Le stationnement du canyon est indiqé le long
de la trans-Anticosti, seule route qui traverse l'ile
de part en part. Ne cherchez pas de vrai stationnement,
pas de lignes blanches, pas de parcomètres
! C'est un bout de chemin dégagé.
Suggestion importante : n'allez surtout pas
admirer la chute à partir des belvédères
avant de descendre ; le charme serait rompu.
Vous y irez en revenant, pour compléter la partie
touristique de vos photos.
Si le panneau indicateur est encore tombé (!), marchez
dans le prolongement du chemin d'accès, vers la droite.
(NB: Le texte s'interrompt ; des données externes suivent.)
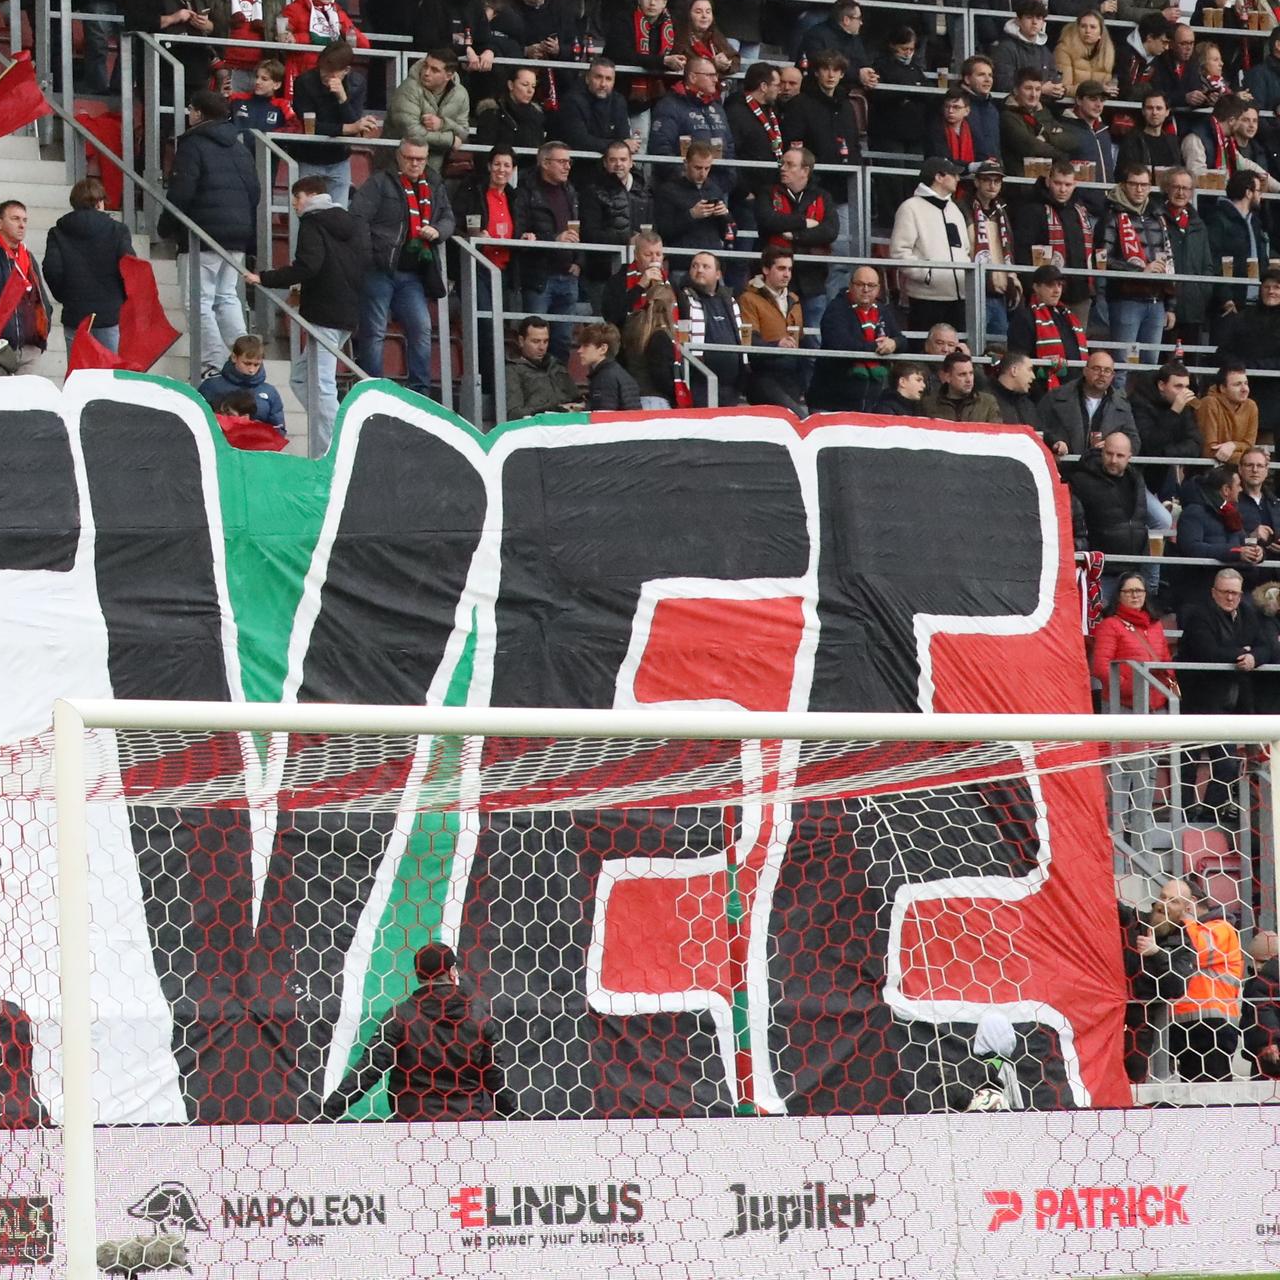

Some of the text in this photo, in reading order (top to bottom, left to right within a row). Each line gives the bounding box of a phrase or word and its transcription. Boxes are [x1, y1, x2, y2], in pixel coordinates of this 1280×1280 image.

L'usure du sol vous tracera le chemin. Vous descendrez
alors dans le lit d'un ruisseau. Il est généralement
à sec en été, mais essayerez donc de
vous y imaginer lors de la crue printanière
! Une fois rendu en bas, vous tournez à droite pour
remonter la rivière.
Si vous tournez à gauche, espérons que vous
vous rendrez compte de votre erreur avant d'avoir
franchi la dizaine de kilomètres qui vous sépare
de Vauréal-la-mer...
Mais, trêve de plaisanterie. Passons aux choses sérieuses.
Passons plutôt au
choses magiques, voire même insolites.
D'abord une vague impression vous envahira dès votre
arrivèe dans le fond de la vallée. Une impression
qui vous questionnera, qui vous intriguera. Vous
arrêterez, écouterez, tenterez de percevoir
un indice. Il manque quelque chose. Il manque un
élément qui vous a accompagné tout le
long de la trans-Anticosti. Mais quoi donc ? Bientôt
vous comprendrez ; vous vous rendez compte que le
trimballement de la camionnette sur cette interminable
route de terre ne résonne plus dans votre tête.
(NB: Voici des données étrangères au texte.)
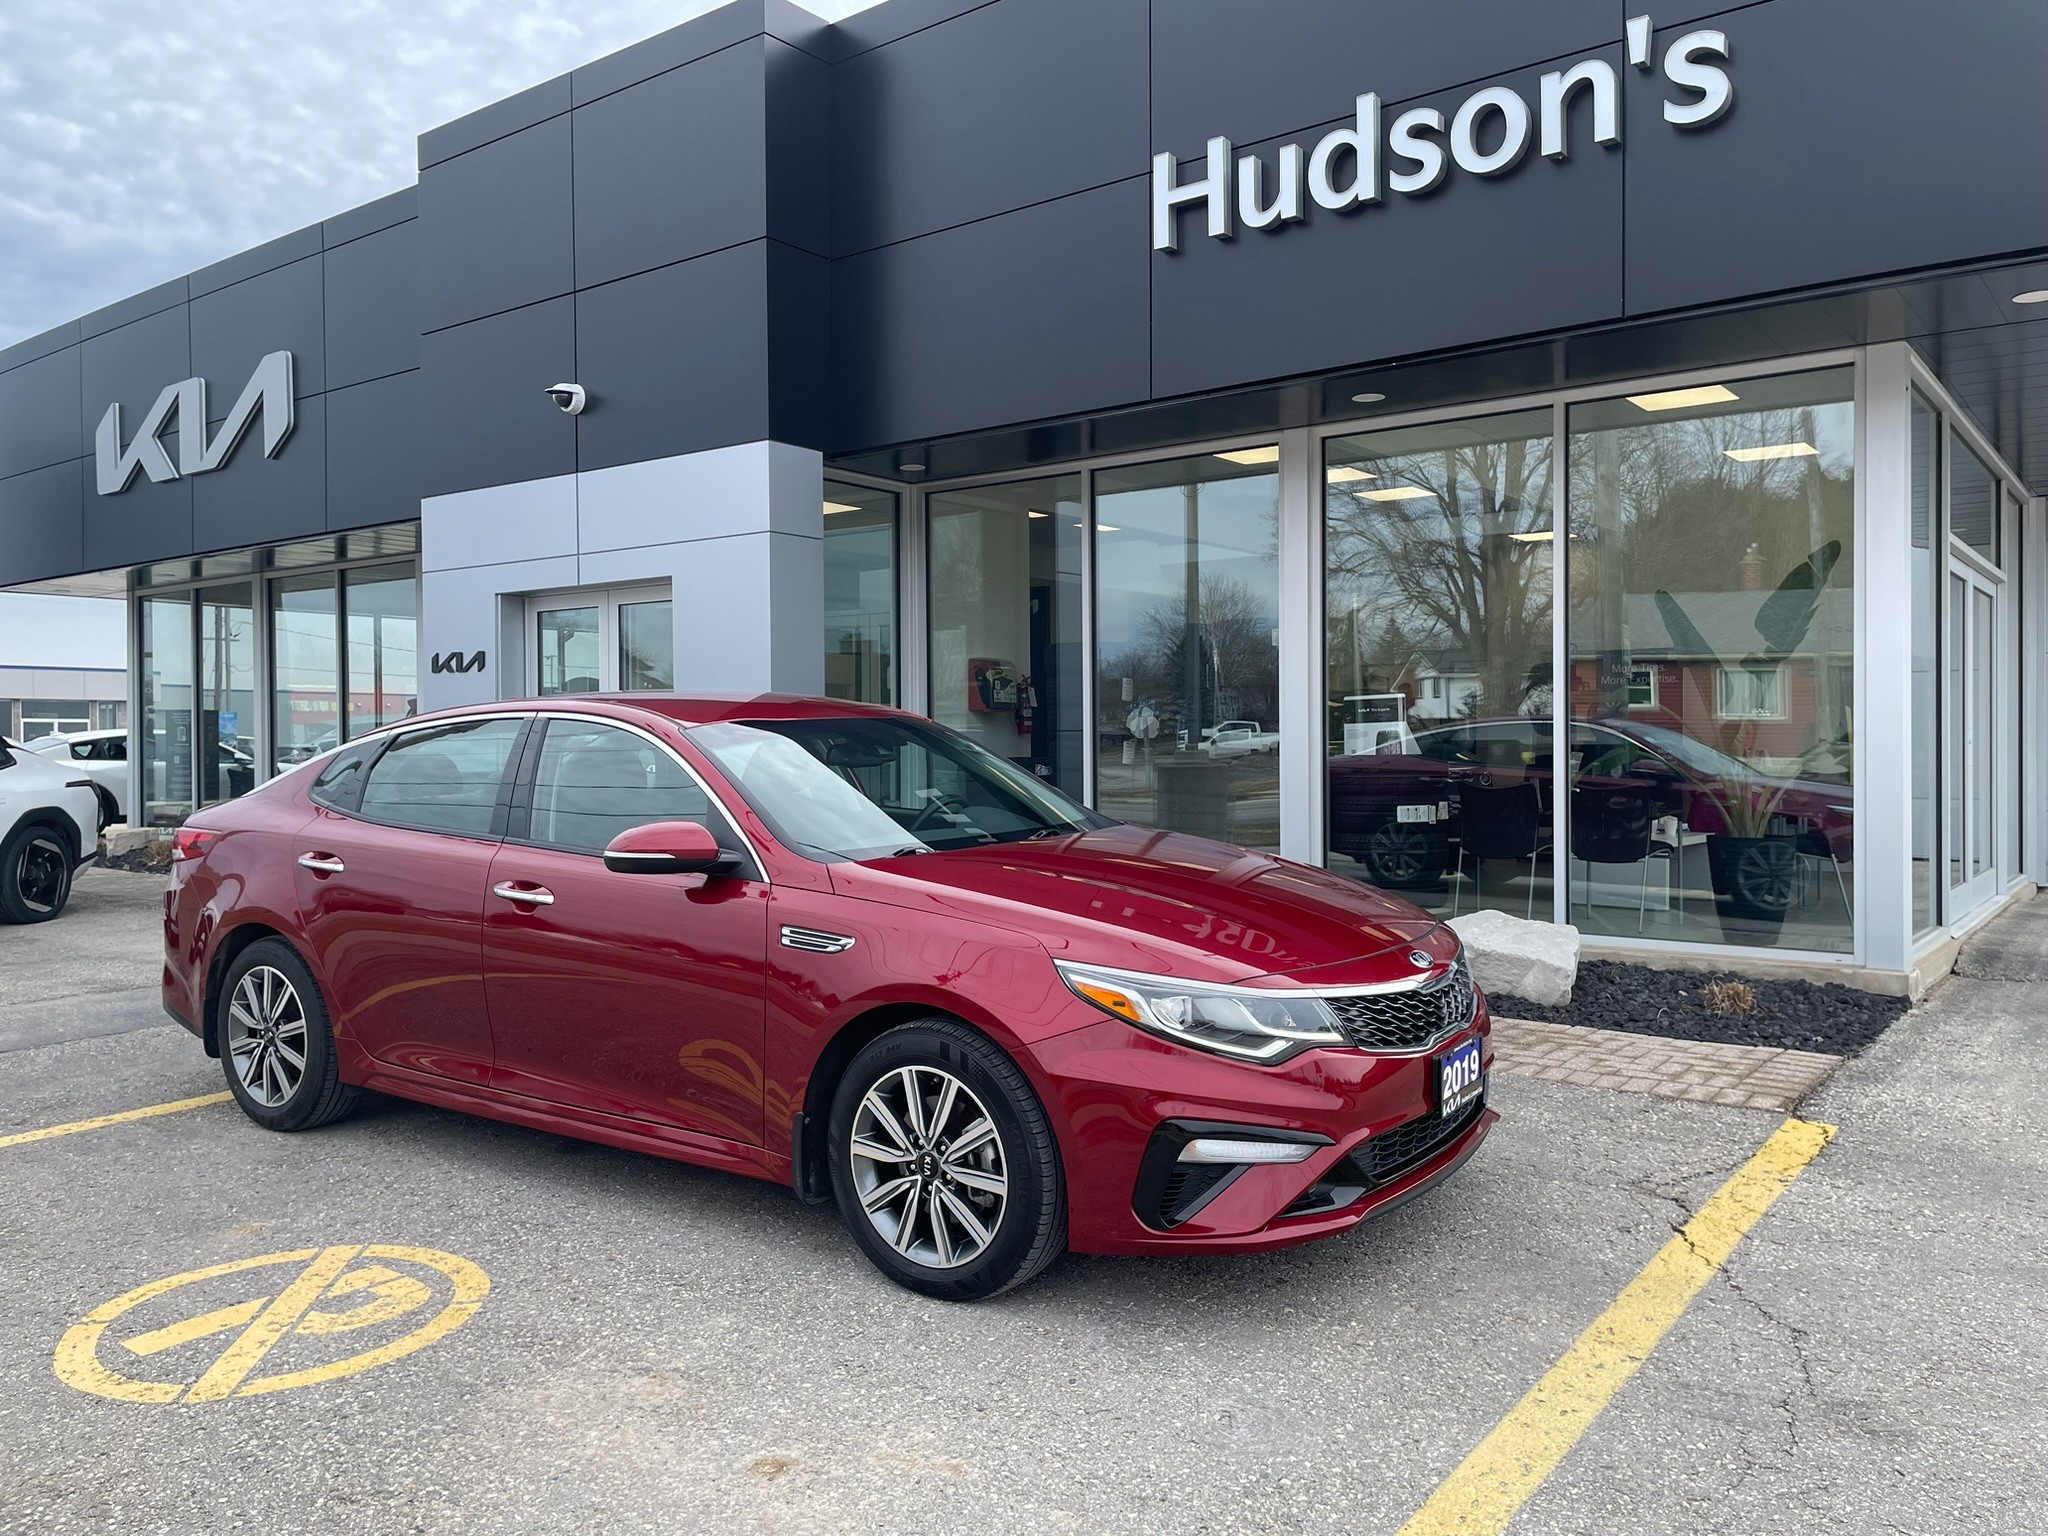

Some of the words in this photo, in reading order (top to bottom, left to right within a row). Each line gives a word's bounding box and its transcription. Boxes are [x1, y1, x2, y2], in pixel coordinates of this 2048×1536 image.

[1153, 15, 1734, 254] Hudson's
[96, 350, 294, 495] KIA
[431, 650, 486, 674] KIA
[1611, 664, 1638, 673] More
[1642, 663, 1667, 672] Tires.
[1600, 676, 1626, 685] More
[1629, 674, 1679, 685] Expertise.
[1443, 1049, 1480, 1101] 2019
[924, 1156, 932, 1176] KIA
Vous êtes en train de découvrir... le silence
! Laissez le vous pénétrer, laissez le se répandre
en vous.
Puis percera peu à peu le roucoulement de la rivière.
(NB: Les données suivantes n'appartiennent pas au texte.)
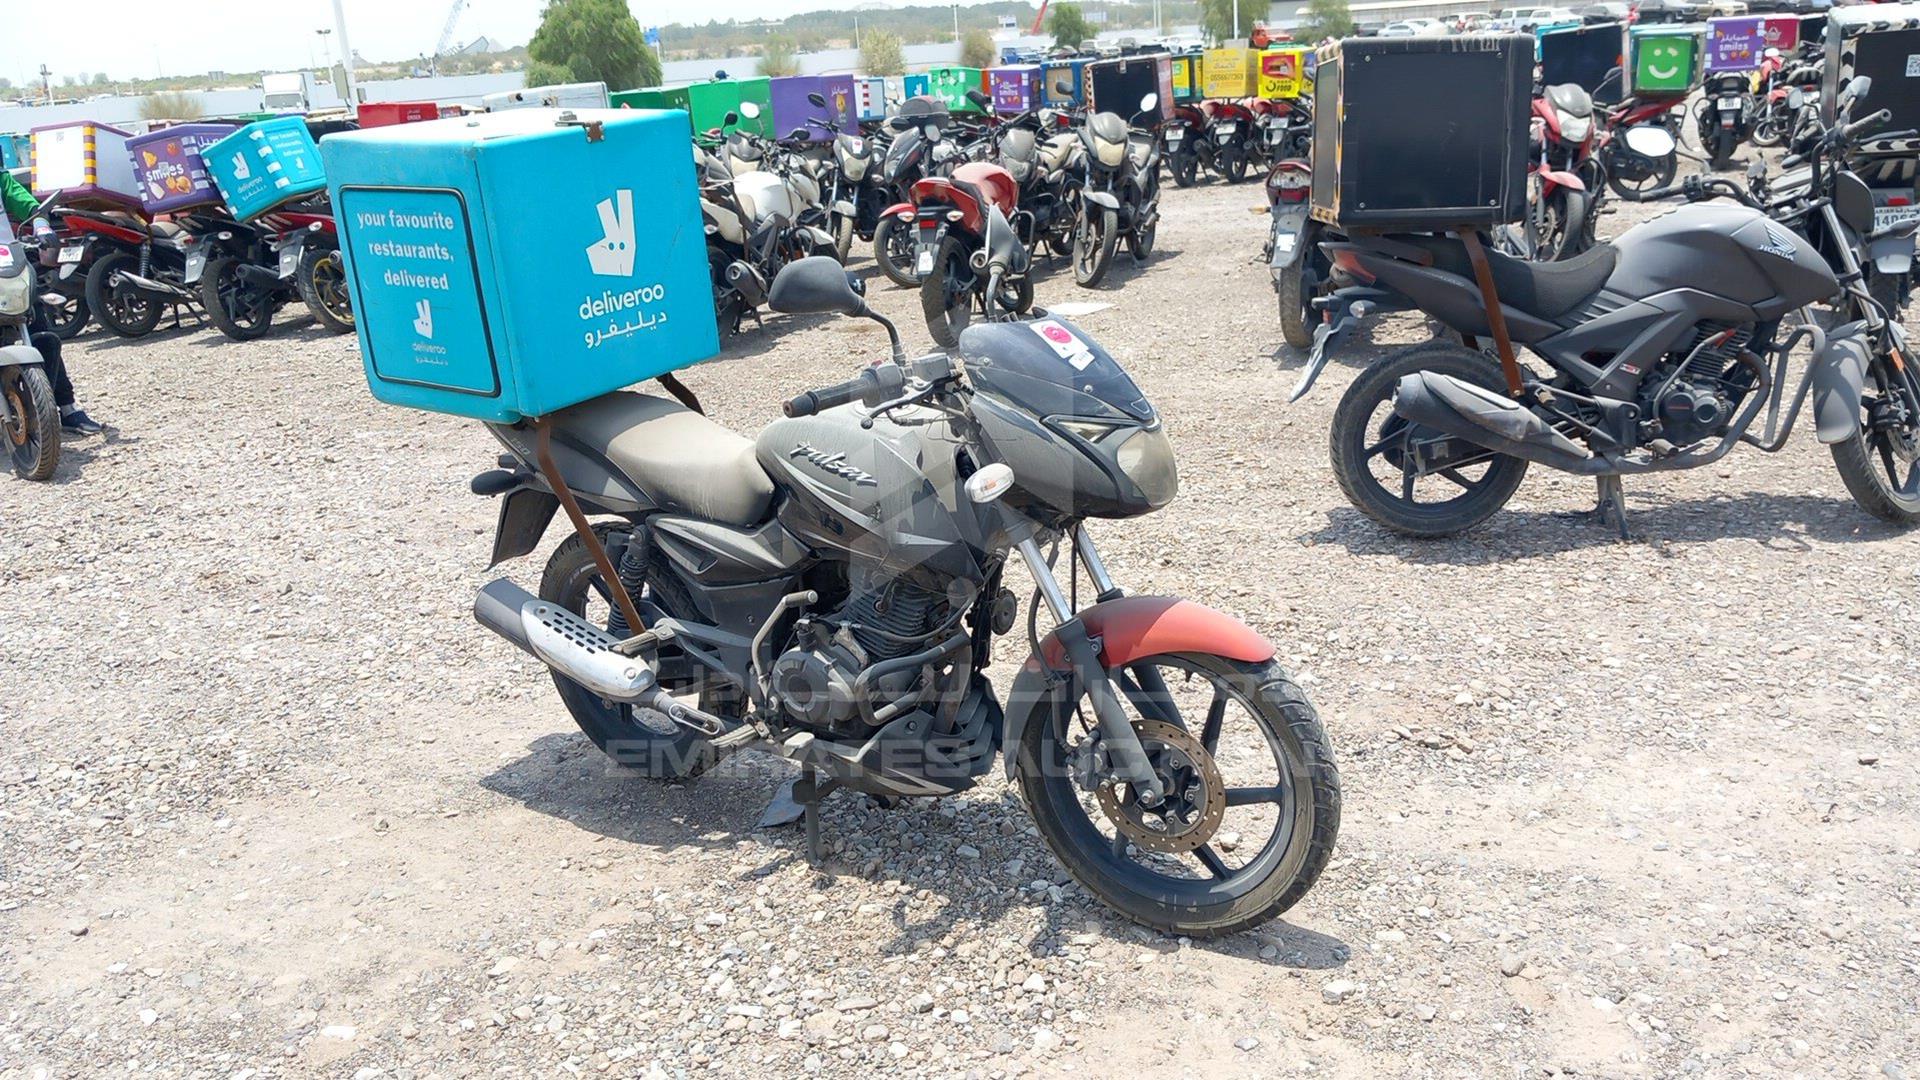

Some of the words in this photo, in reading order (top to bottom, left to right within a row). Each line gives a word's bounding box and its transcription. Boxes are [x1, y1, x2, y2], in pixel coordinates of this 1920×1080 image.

[357, 212, 386, 229] your
[389, 209, 454, 230] favourite
[368, 240, 454, 262] restaurants,
[1757, 244, 1794, 261] HONDA
[384, 269, 449, 290] delivered
[579, 283, 665, 320] deliveroo
[584, 310, 668, 349] ديليفرو
[412, 342, 447, 355] deliveroo
Une eau fraîche et pure à 100%, comme dans la
publicité, mais gratuite. S'ouvrira alors l'invitante vallée,
comme deux mains tendues offrant un des plus
beaux spectacle naturel du Québec.
Allez y !
A différents endroits, vous aurez à traverser
la rivière. Si l'eau est basse, pas besoin de vous
déchausser, sinon... L'eau n'est pas froide ; 'est frette en
titi!
Vous dépasserez bientôt le premier tournant majeur
; l'entrée pédestre de la vallée disparaîtra
derrière vous. La falaise se redresse,
la pente augmente, comme pour vous signifier
que vous serez bientôt prisonnier de ses parois,
et de son charme. La vallée se
fait aussi plus étroite, et vous devenez peu
à peu à la merci de la fragilité de
la roche sédimentaire parfois instable de la falaise qui
risque de dégringoler sans
avertissement. Mais calmez donc un peu votre
anxiété. Relaxez. La Vauréal est
bienveillante !
Si le temps est chaud et ensoleillé, vous apprécierez
ces petits boisés répartis
tout au long de la vallée, oasis de
fraîcheur sèche (si vous préférez la
fraîcheur humide, la rivière est à vous...).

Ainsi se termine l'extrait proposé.